Circular 03 Régua, 7 abril 2021 – Avisos agrícolas da Região do Douro

〈 11/04/21 〉

Estação de Avisos do Douro

Míldio:

Em meados de março, verificámos a germinação dos oósporos em 24 horas, encontrando-se estes já em condições de provocarem infeção primária.

A precipitação registada nos dias 1 e 2 de abril, proporcionou condições para a ocorrência de infeções primárias de míldio no Baixo Corgo (e em outros locais onde a precipitação tenha sido elevada). A probabilidade de infeção da doença é maior nas vinhas que, nessas datas, apresentavam já lançamentos superiores a 10 centímetros.

Assim, aconselhamos os Srs. Viticultores a efetuarem um tratamento anti-míldio antes do dia 12 / 13 de abril. O tratamento deverá ser posicionado o mais próximo possível desta data, para que, caso surjam as manchas primárias, o fungicida se encontre em fase de plena atividade.

Nas vinhas que foram já tratadas contra o míldio, poderá ser necessário renovar o tratamento, de modo a que a vinha se encontre protegida na data acima referida. Lembramos que nesta fase, a persistência de ação dos tratamentos pode não ultrapassar os 10 dias.

Tendo em consideração que a vinha se encontra em fase de crescimento ativo, aconselhamos que seja dada preferência a um fungicida sistémico que possua ação curativa e anti-esporulante.

Caso se verifique qualquer atraso no tratamento, dever-se-á optar por um fungicida sistémico que possua ação curativa.

Nas vinhas das zonas mais altas, que nas datas acima referidas, apresentavam desenvolvimento vegetativo ainda reduzido, não é necessário efetuar qualquer tratamento antimíldio.


Oídio:

Nas vinhas em que for realizado o tratamento contra o míldio, deverá ser adicionado à calda enxofre molhável.

A quantidade a aplicar por hectare (dose) deverá corresponder à concentração indicada no rótulo do produto a utilizar.

Nas vinhas em que não for necessário realizar o tratamento anti-míldio, deverá ser efetuada a aplicação de enxofre em pó quando os pâmpanos atingirem 20 cm, não ultrapassando a dose de 20 kg/ha, se as condições meteorológicas o permitirem.

A enxofra deverá ser realizada com polvilhador ou torpilha, para que o produto fique depositado sob a forma de uma fina camada à superfície das folhas da videira, evitando a sua escorrência e acumulação no solo.

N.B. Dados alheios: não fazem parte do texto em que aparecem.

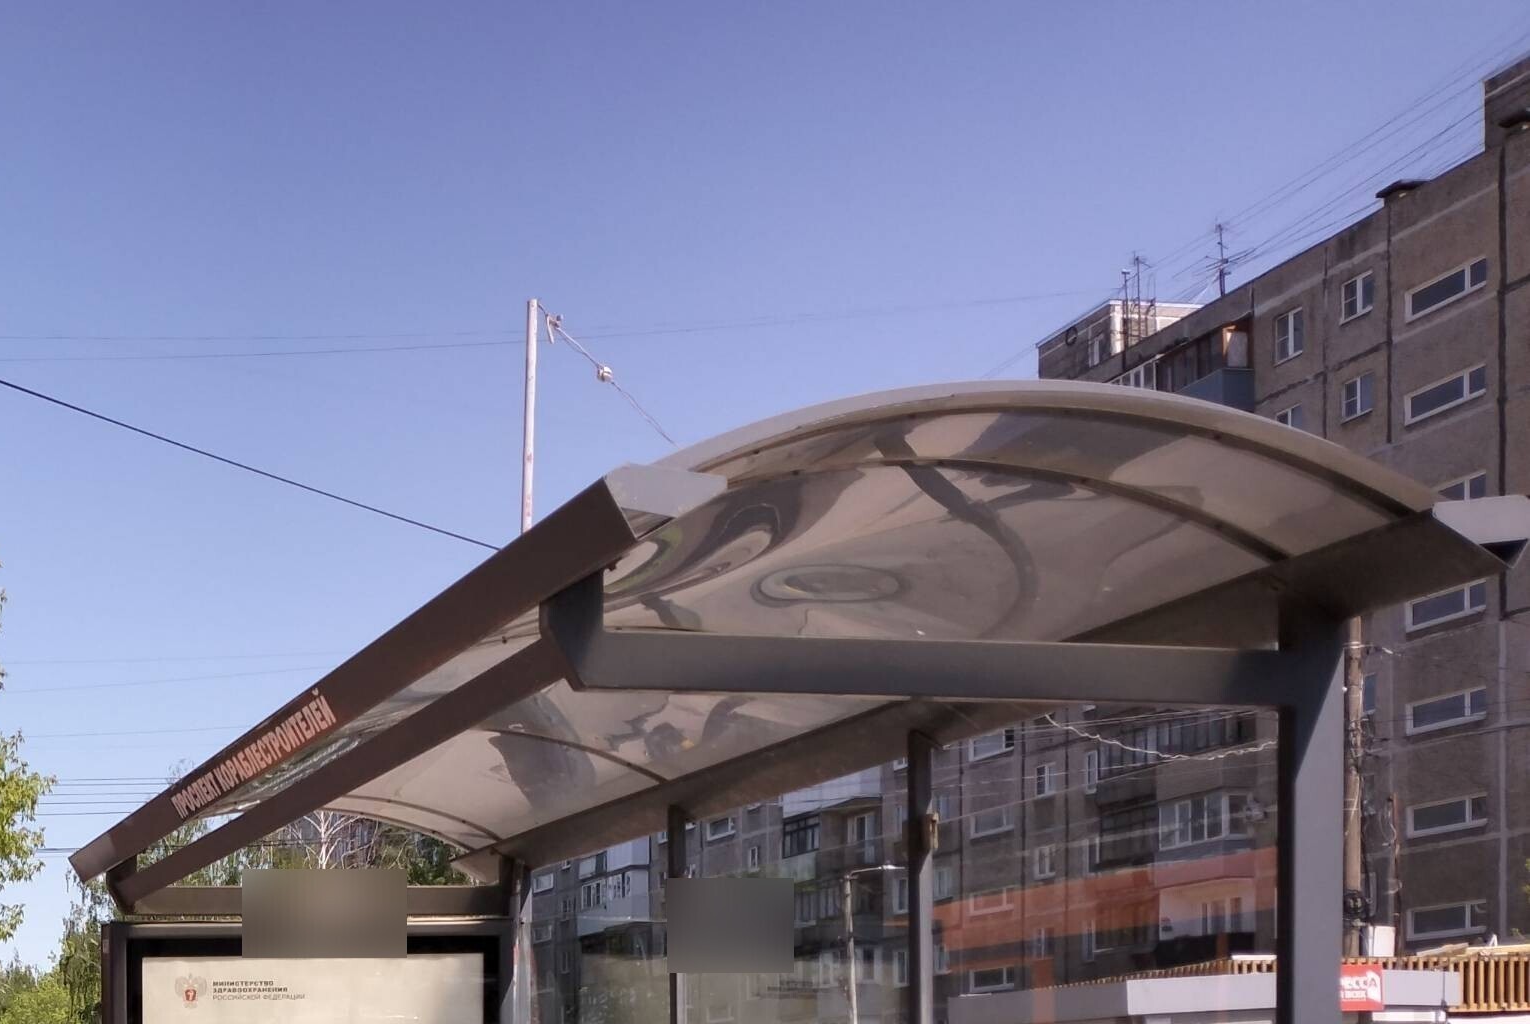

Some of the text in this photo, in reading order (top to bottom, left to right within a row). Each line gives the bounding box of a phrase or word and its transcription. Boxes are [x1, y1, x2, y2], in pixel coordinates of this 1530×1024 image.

[171, 687, 337, 819] ПРОСПЕКТ КОРАБЛЕСТРОИТЕЛЕЙ
[212, 993, 306, 1001] РОССИЙСКОЙ ФЕДЕРАЦИИ
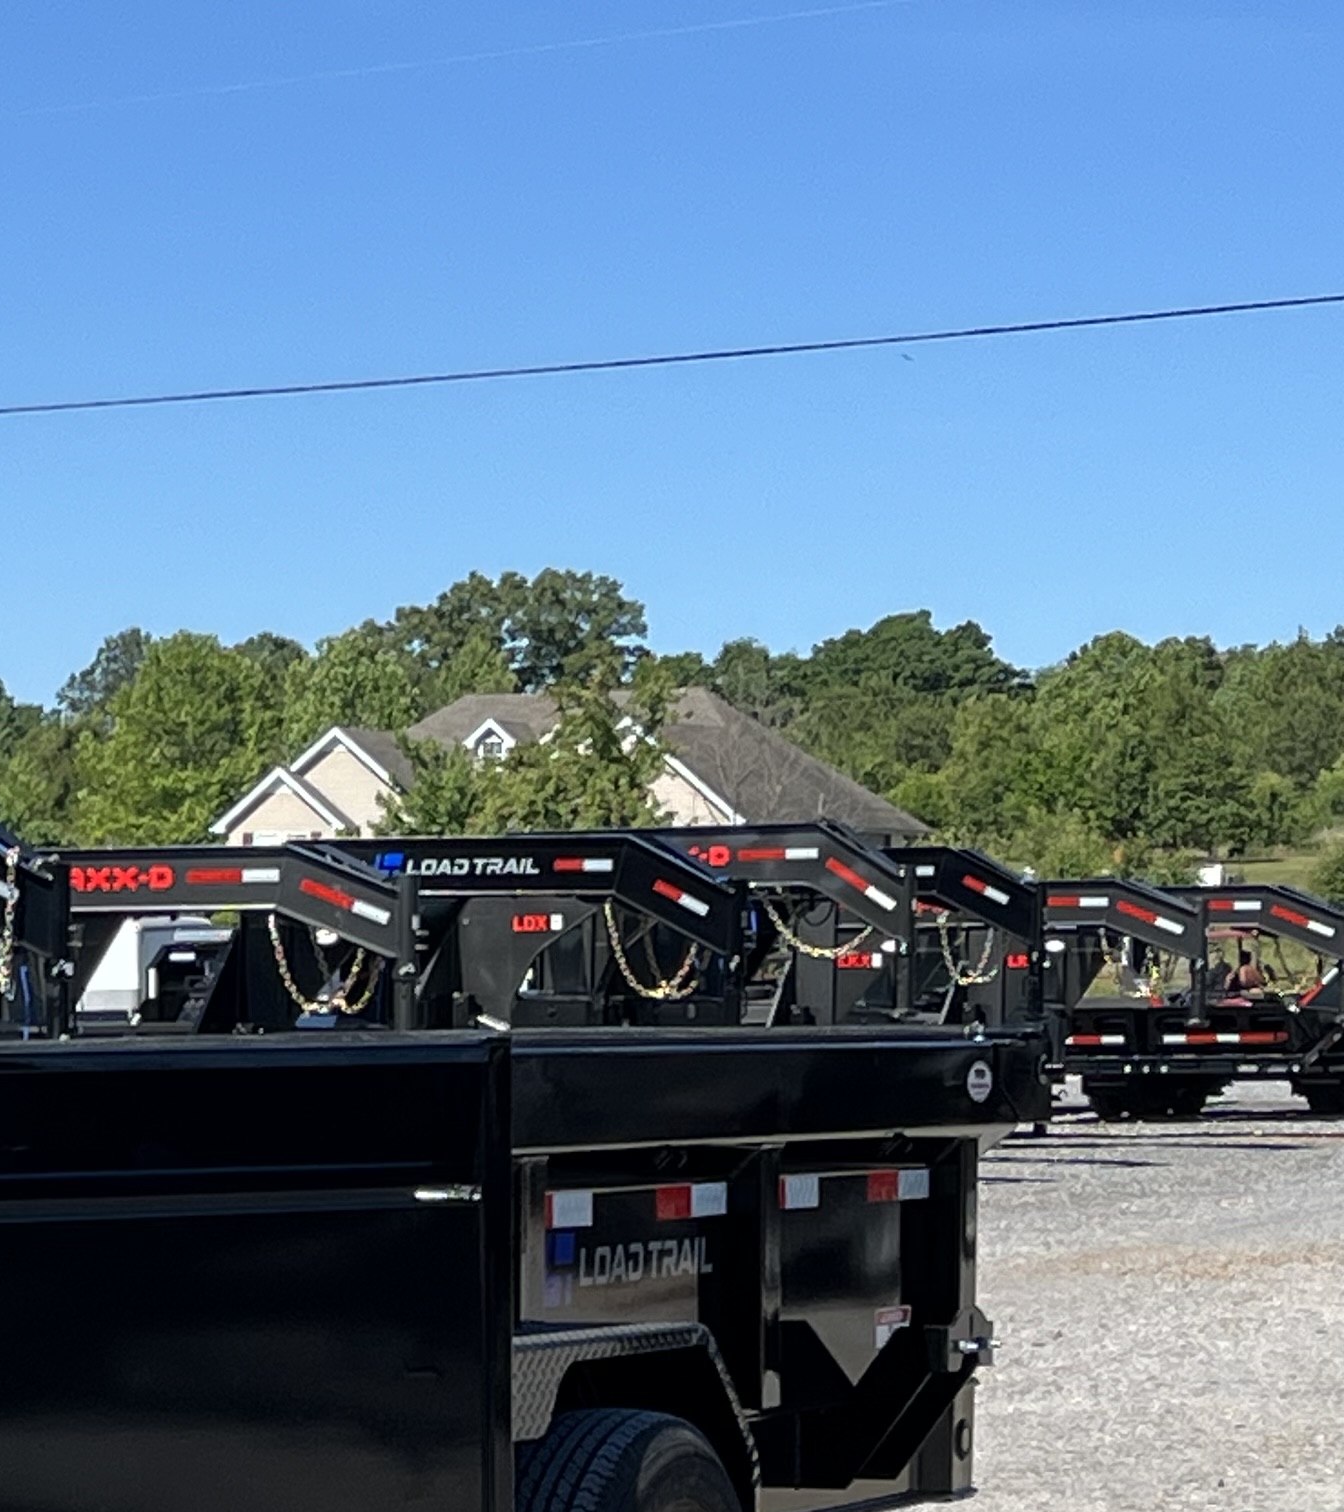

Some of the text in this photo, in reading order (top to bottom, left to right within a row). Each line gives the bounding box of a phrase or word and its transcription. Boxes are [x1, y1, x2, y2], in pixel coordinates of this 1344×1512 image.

As aplicações de enxofre em pó devem ser realizadas com a folhagem seca, para diminuir o risco de fitotoxidade (queima).


PODRIDÃO NEGRA (Black Rot)

Nas vinhas com historial de Black Rot, que em anos anteriores tenham manifestado sintomas, deverá existir o cuidado de selecionar os fungicidas que possuam também eficácia contra esta doença.

Se o Sr. Viticultor tiver dúvidas na identificação desta doença, deverá contactar a Estação de Avisos.Se o Sr. Viticultor tiver dúvidas na identificação desta doença, deverá contactar a Estação de Avisos.

Os fungicidas homologados para a cultura da vinha, devem ser consultados no site da DGAV: SIFITO – Sistema de Gestão das Autorizações de Produtos Fitofarmacêuticos – Sifito (dgav.pt).